---- Dataset records
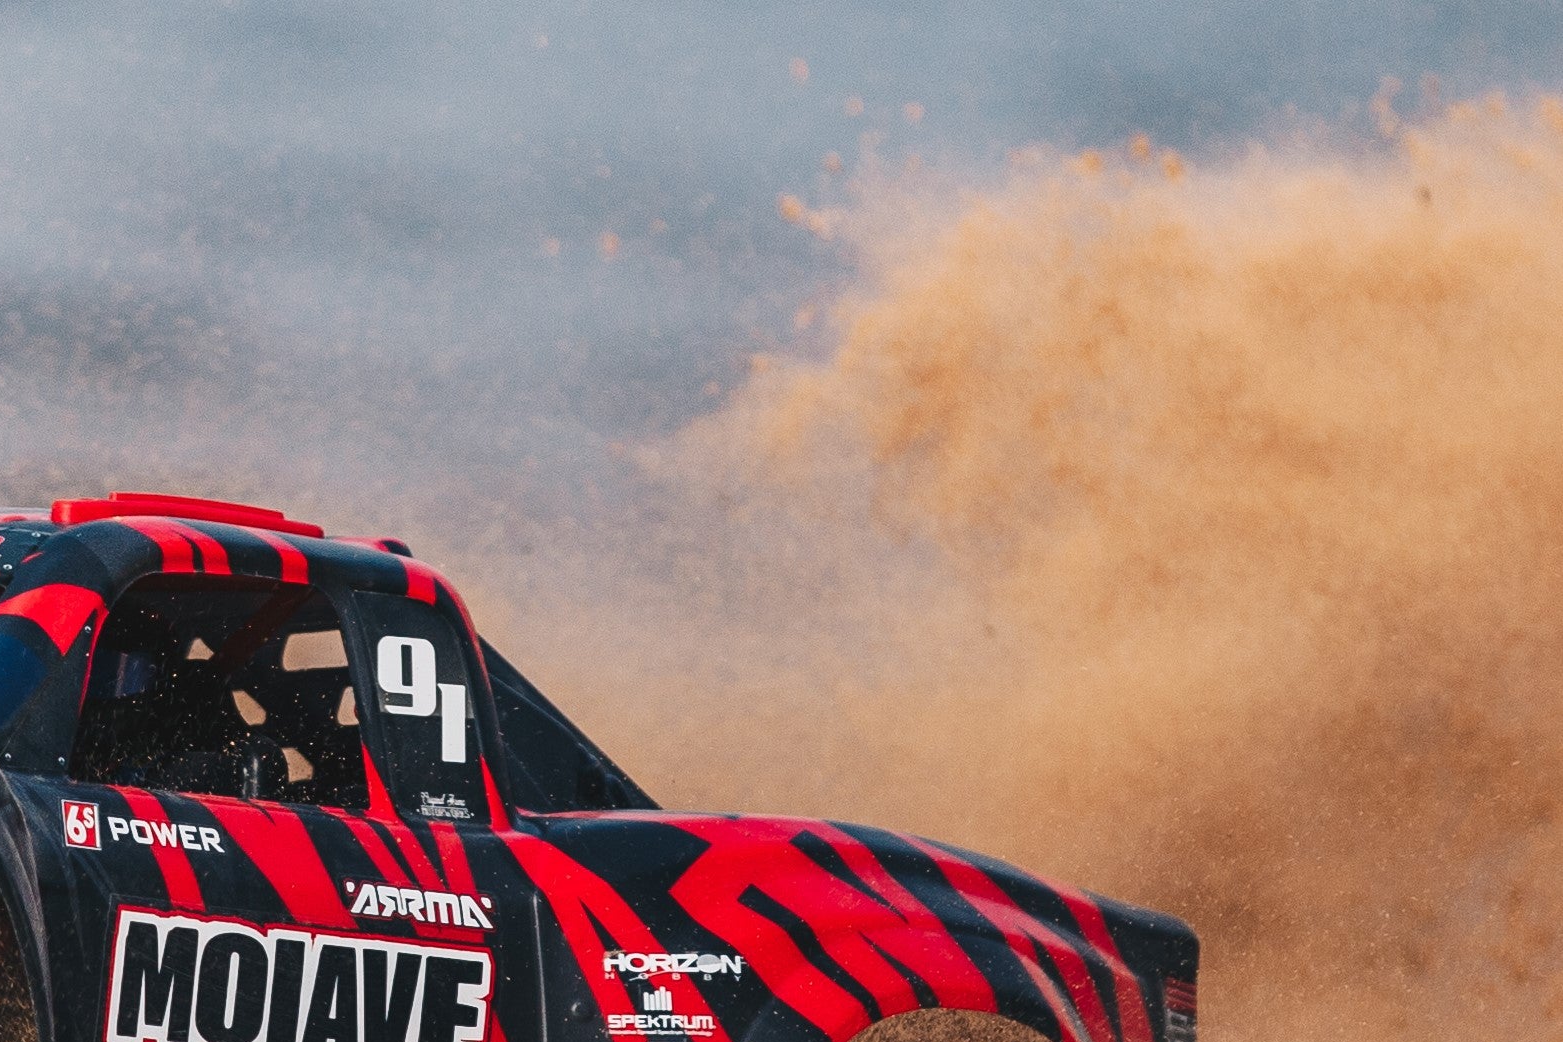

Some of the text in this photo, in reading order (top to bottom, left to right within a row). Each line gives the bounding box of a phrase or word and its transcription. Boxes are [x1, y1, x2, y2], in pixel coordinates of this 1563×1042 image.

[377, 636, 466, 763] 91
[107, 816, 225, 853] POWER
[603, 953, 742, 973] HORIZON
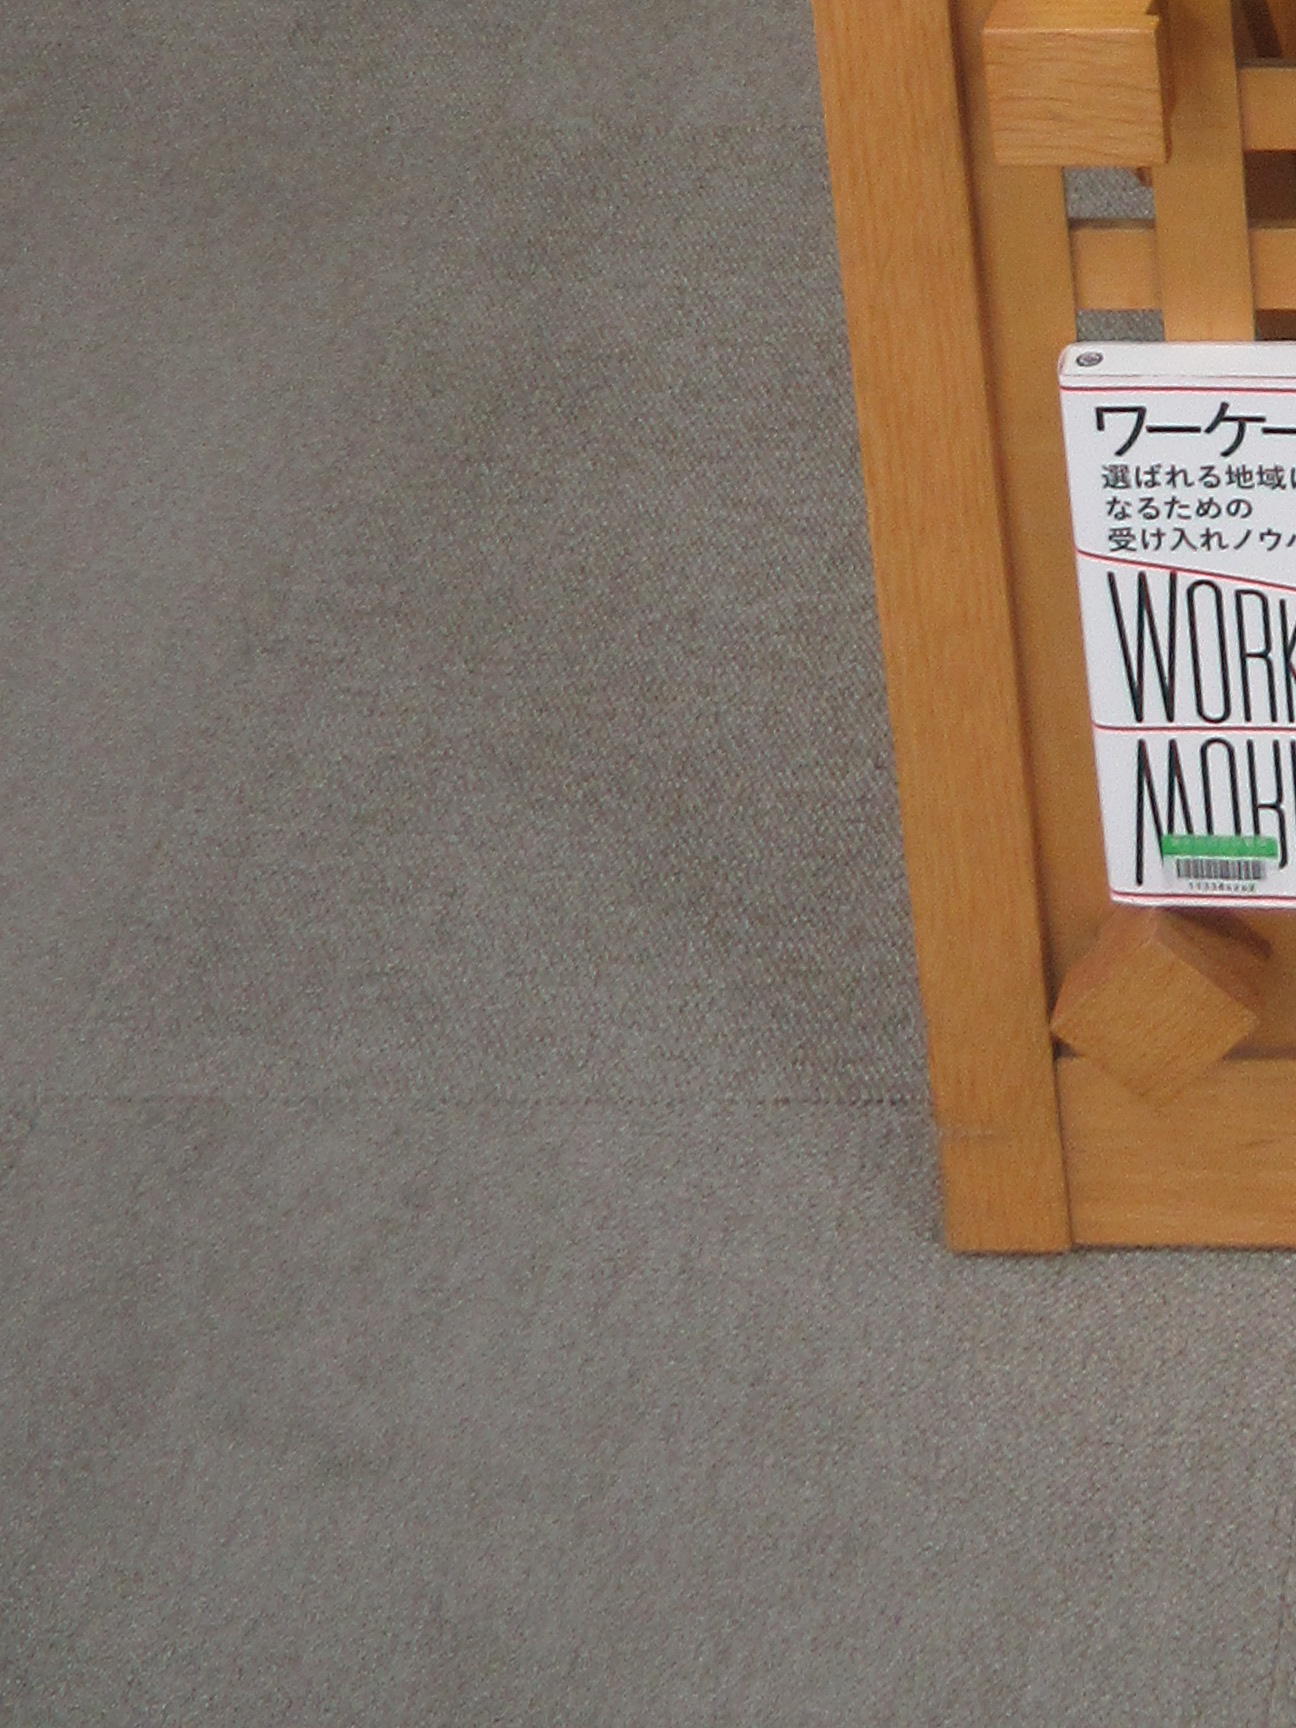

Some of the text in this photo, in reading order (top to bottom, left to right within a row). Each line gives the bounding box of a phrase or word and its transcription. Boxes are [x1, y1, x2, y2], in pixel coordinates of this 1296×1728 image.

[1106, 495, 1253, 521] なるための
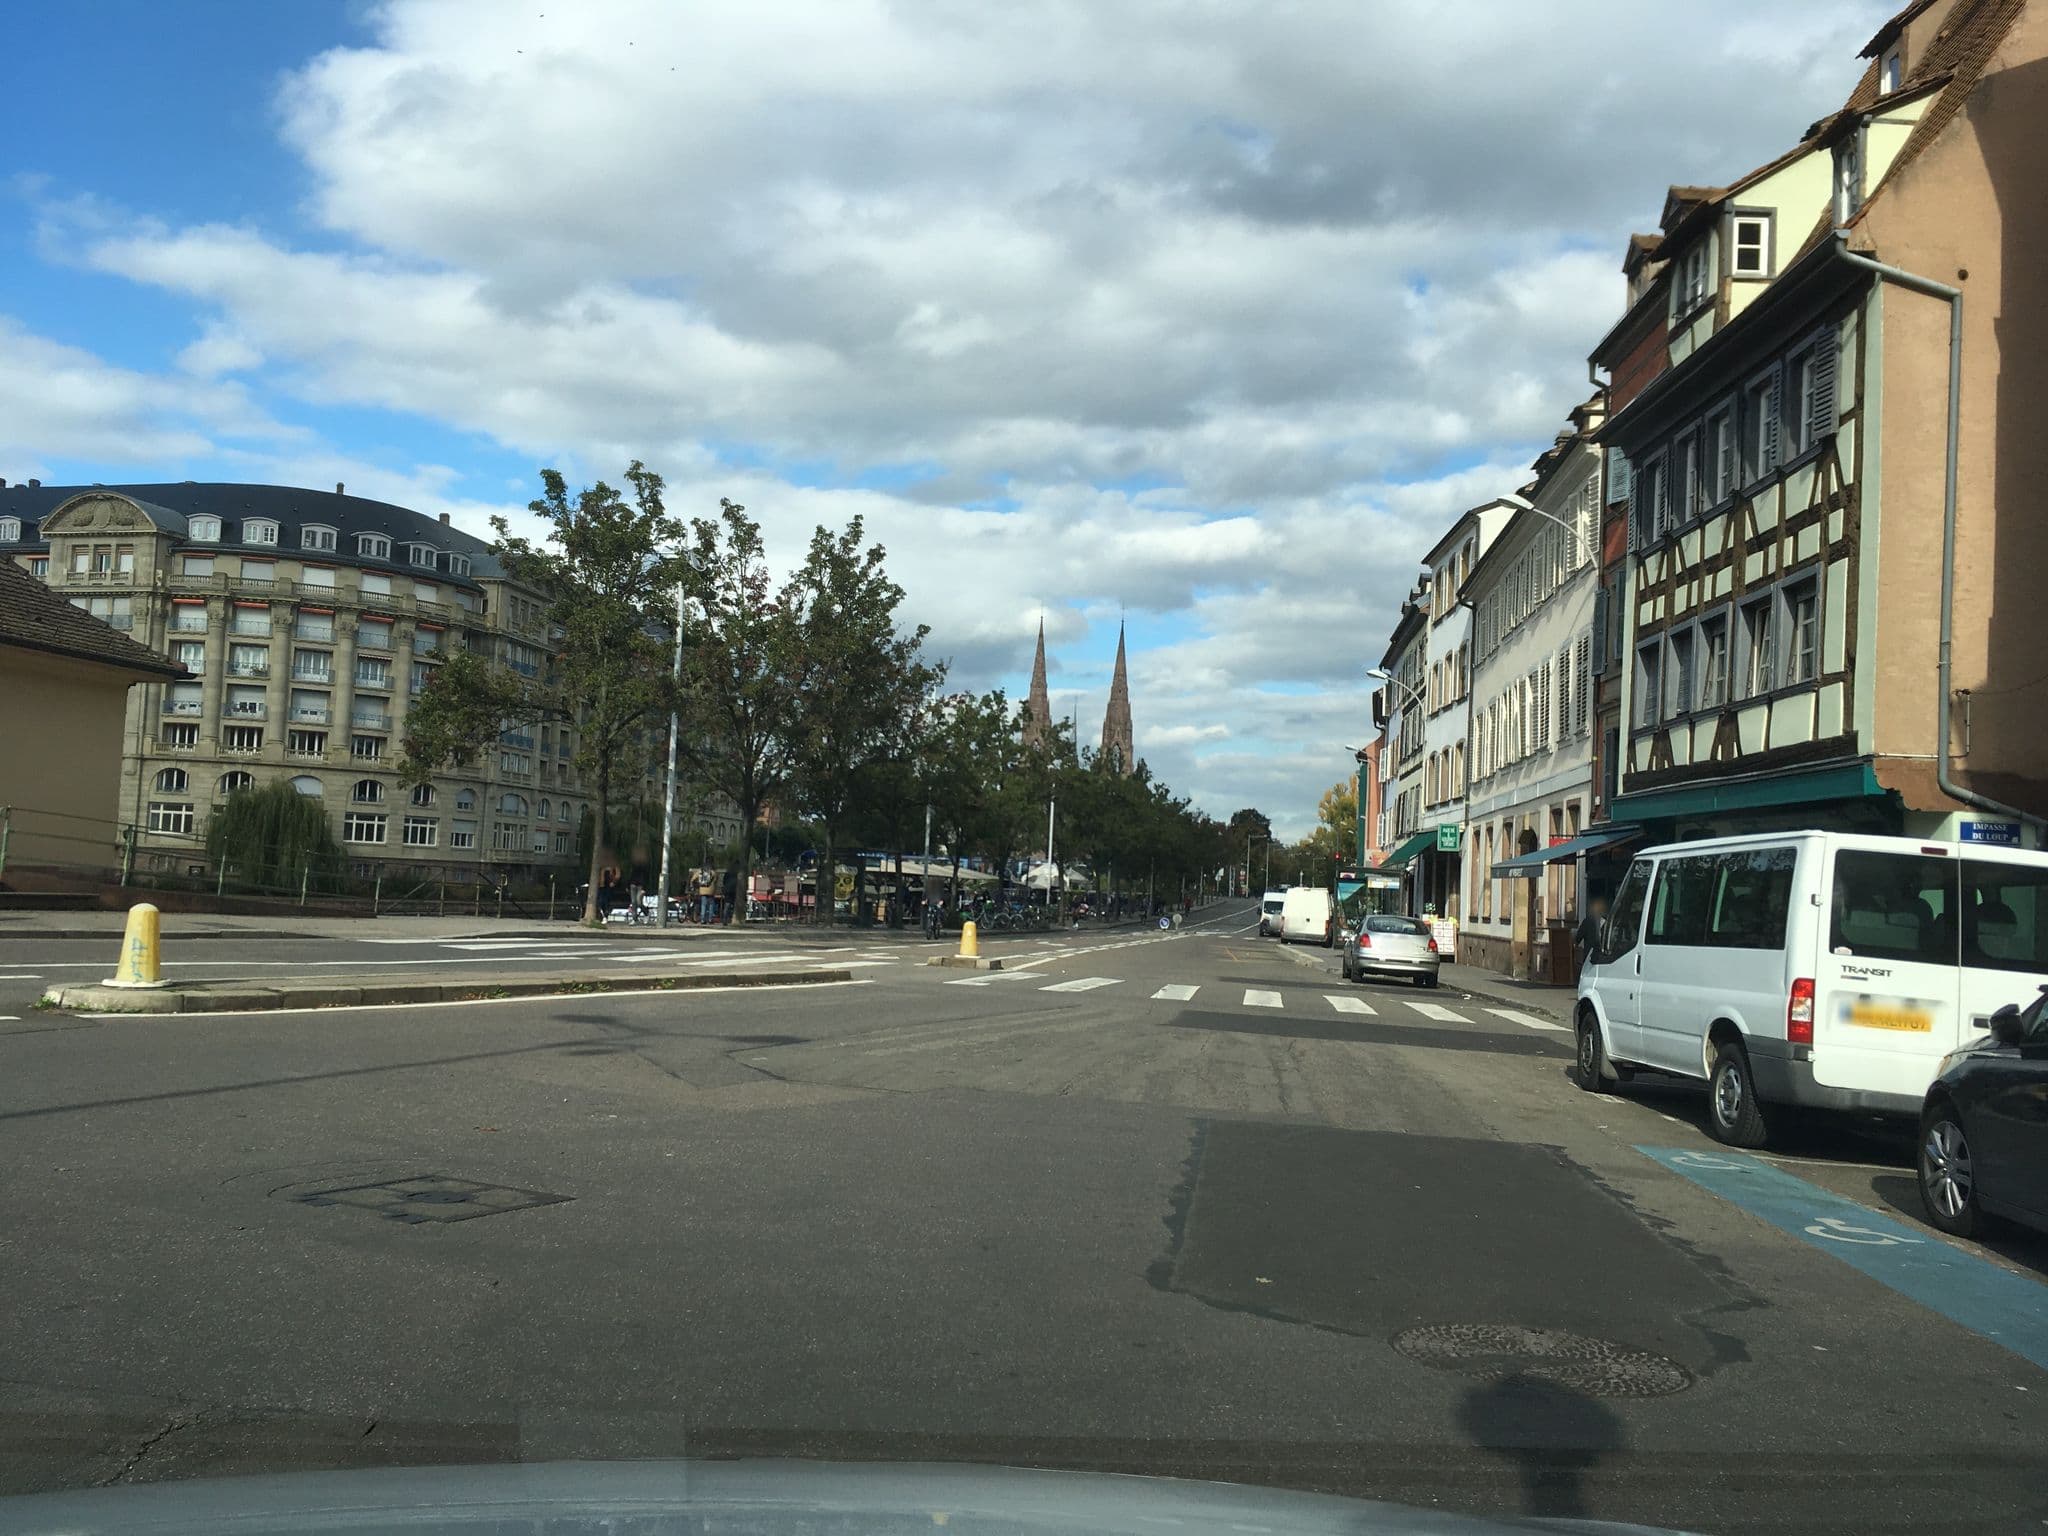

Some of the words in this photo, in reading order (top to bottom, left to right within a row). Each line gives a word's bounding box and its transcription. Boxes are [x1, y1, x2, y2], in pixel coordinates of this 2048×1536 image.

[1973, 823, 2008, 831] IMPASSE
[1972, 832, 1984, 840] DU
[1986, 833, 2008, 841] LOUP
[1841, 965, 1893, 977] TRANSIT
--------
■ Activity ■
Give each record above back word for word, but carry over none of the pictures.

■ Exercise answer ■
Some of the text in this photo, in reading order (top to bottom, left to right within a row). Each line gives the bounding box of a phrase or word and its transcription. Boxes are [x1, y1, x2, y2], in pixel coordinates of this 1563×1042 image.

[377, 636, 466, 763] 91
[107, 816, 225, 853] POWER
[603, 953, 742, 973] HORIZON

Some of the text in this photo, in reading order (top to bottom, left to right within a row). Each line gives the bounding box of a phrase or word and its transcription. Boxes are [x1, y1, x2, y2], in pixel coordinates of this 1296×1728 image.

[1106, 495, 1253, 521] なるための

Some of the words in this photo, in reading order (top to bottom, left to right within a row). Each line gives a word's bounding box and its transcription. Boxes are [x1, y1, x2, y2], in pixel coordinates of this 2048×1536 image.

[1973, 823, 2008, 831] IMPASSE
[1972, 832, 1984, 840] DU
[1986, 833, 2008, 841] LOUP
[1841, 965, 1893, 977] TRANSIT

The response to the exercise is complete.